◆ WHAT IS REQUIRED
For every record below, repeat the text exactly and pass over any image.

◆ STUDY MATERIAL
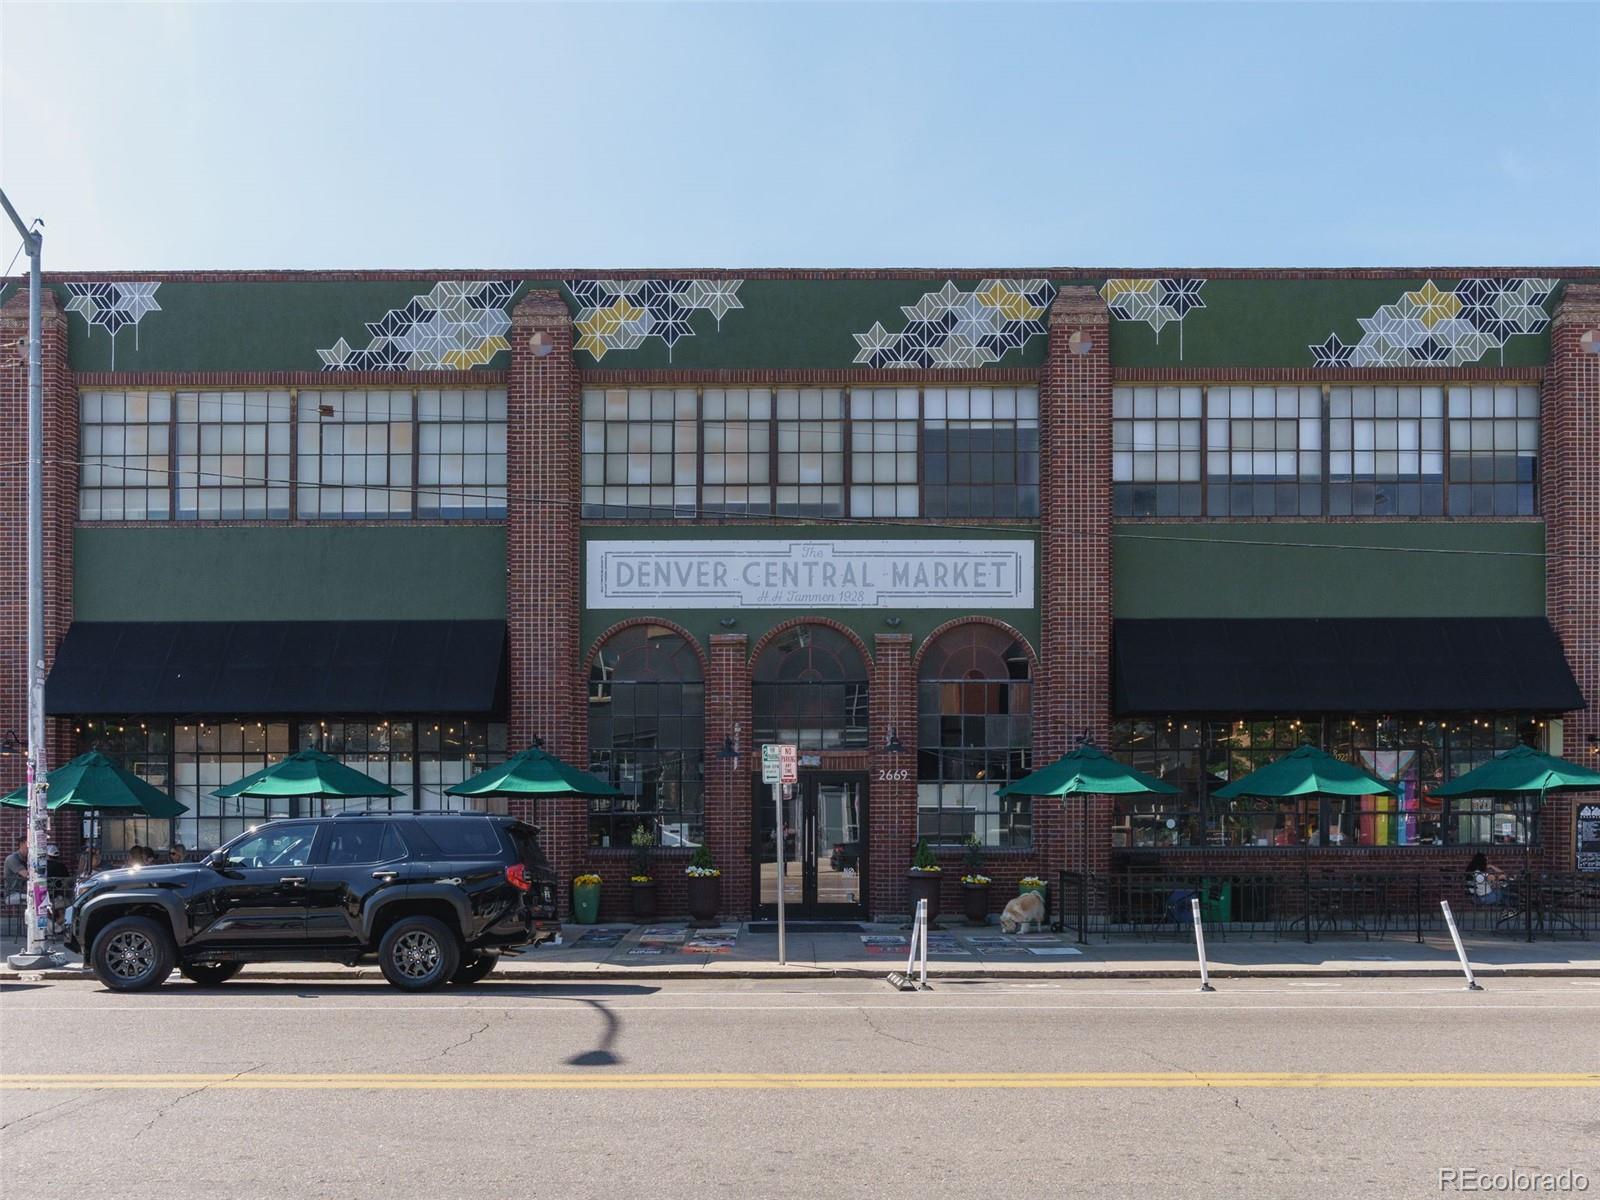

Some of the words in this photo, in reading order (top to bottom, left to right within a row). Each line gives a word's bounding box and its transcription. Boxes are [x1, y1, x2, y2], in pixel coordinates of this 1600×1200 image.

[801, 546, 824, 559] The
[616, 561, 728, 588] DENVER
[742, 561, 875, 588] CENTRAL
[892, 561, 1008, 588] MARKET
[839, 590, 865, 602] 1928
[879, 769, 908, 781] 2669
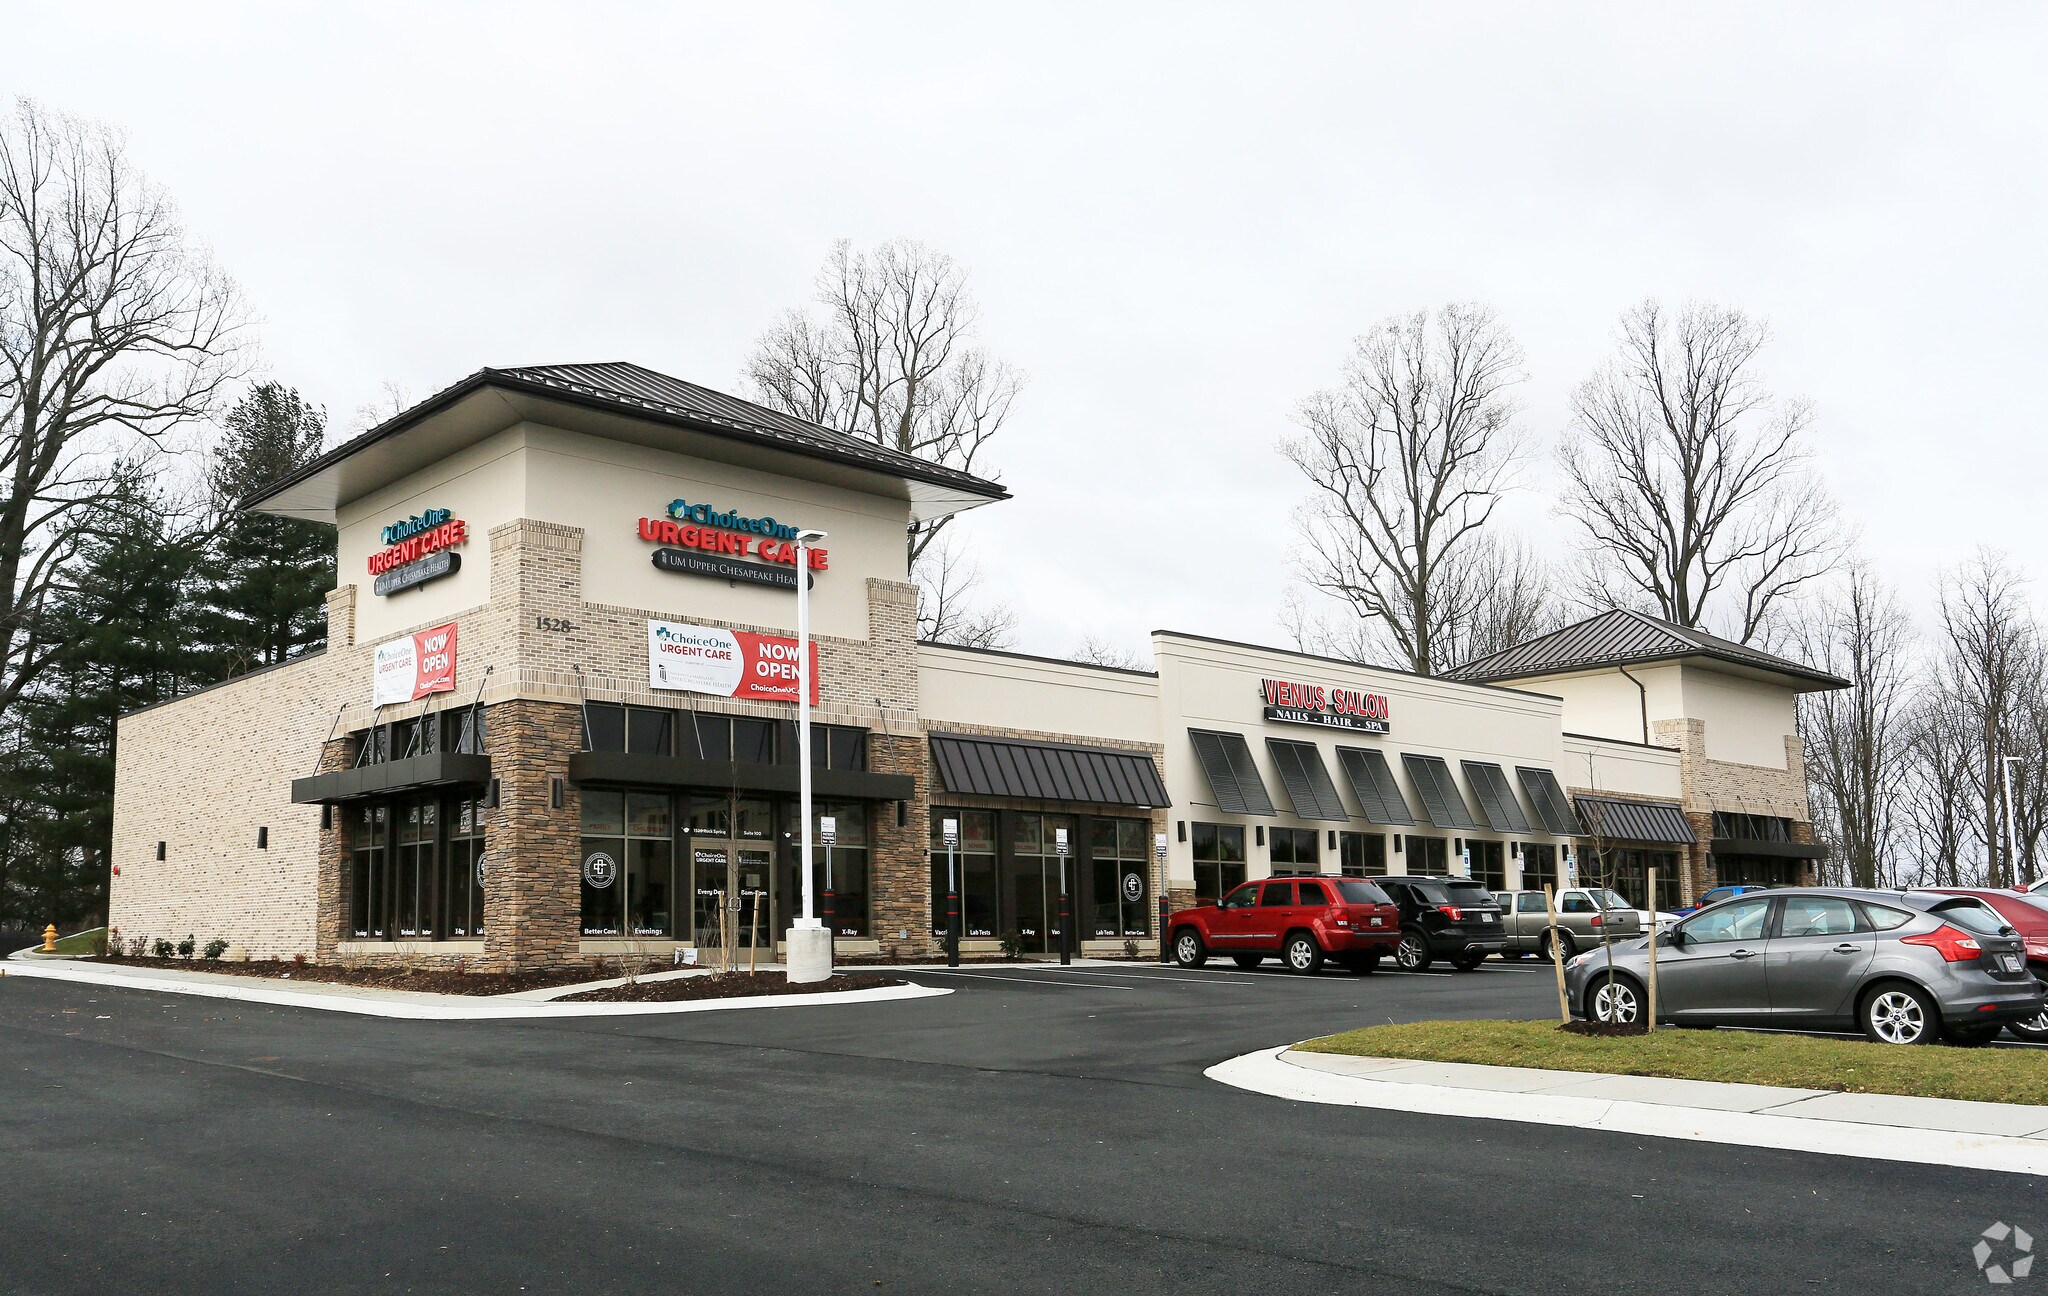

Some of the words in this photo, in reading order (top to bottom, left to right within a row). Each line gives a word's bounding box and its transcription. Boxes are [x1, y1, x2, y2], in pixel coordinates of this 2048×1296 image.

[390, 508, 450, 542] ChoiceOne
[691, 504, 800, 540] ChoiceOne
[368, 537, 420, 575] URGENT
[422, 520, 466, 553] CARE
[638, 517, 752, 557] URGENT
[670, 555, 686, 567] UM
[688, 558, 718, 573] UPPER
[719, 564, 773, 581] CHESAPEAKE
[776, 573, 799, 586] HEAL
[536, 616, 571, 633] 1528
[424, 633, 447, 654] NOW
[671, 632, 732, 649] ChoiceOne
[383, 647, 412, 661] ChoiceOne
[660, 643, 702, 657] URGENT
[705, 649, 732, 660] CARE
[759, 642, 800, 662] NOW
[379, 660, 398, 674] URGENT
[399, 657, 412, 668] CARE
[423, 652, 448, 674] OPEN
[756, 660, 800, 680] OPEN
[1262, 678, 1327, 712] VENUS
[1332, 688, 1390, 719] SALON
[1276, 709, 1309, 721] NAILS
[1323, 715, 1352, 727] HAIR
[1365, 720, 1383, 731] SPA
[634, 928, 662, 936] Evenings

◆ RESPONSE TO THE EXERCISE
Some of the words in this photo, in reading order (top to bottom, left to right within a row). Each line gives a word's bounding box and its transcription. Boxes are [x1, y1, x2, y2], in pixel coordinates of this 1600×1200 image.

[801, 546, 824, 559] The
[616, 561, 728, 588] DENVER
[742, 561, 875, 588] CENTRAL
[892, 561, 1008, 588] MARKET
[839, 590, 865, 602] 1928
[879, 769, 908, 781] 2669

Some of the words in this photo, in reading order (top to bottom, left to right within a row). Each line gives a word's bounding box and its transcription. Boxes are [x1, y1, x2, y2], in pixel coordinates of this 2048×1296 image.

[390, 508, 450, 542] ChoiceOne
[691, 504, 800, 540] ChoiceOne
[368, 537, 420, 575] URGENT
[422, 520, 466, 553] CARE
[638, 517, 752, 557] URGENT
[670, 555, 686, 567] UM
[688, 558, 718, 573] UPPER
[719, 564, 773, 581] CHESAPEAKE
[776, 573, 799, 586] HEAL
[536, 616, 571, 633] 1528
[424, 633, 447, 654] NOW
[671, 632, 732, 649] ChoiceOne
[383, 647, 412, 661] ChoiceOne
[660, 643, 702, 657] URGENT
[705, 649, 732, 660] CARE
[759, 642, 800, 662] NOW
[379, 660, 398, 674] URGENT
[399, 657, 412, 668] CARE
[423, 652, 448, 674] OPEN
[756, 660, 800, 680] OPEN
[1262, 678, 1327, 712] VENUS
[1332, 688, 1390, 719] SALON
[1276, 709, 1309, 721] NAILS
[1323, 715, 1352, 727] HAIR
[1365, 720, 1383, 731] SPA
[634, 928, 662, 936] Evenings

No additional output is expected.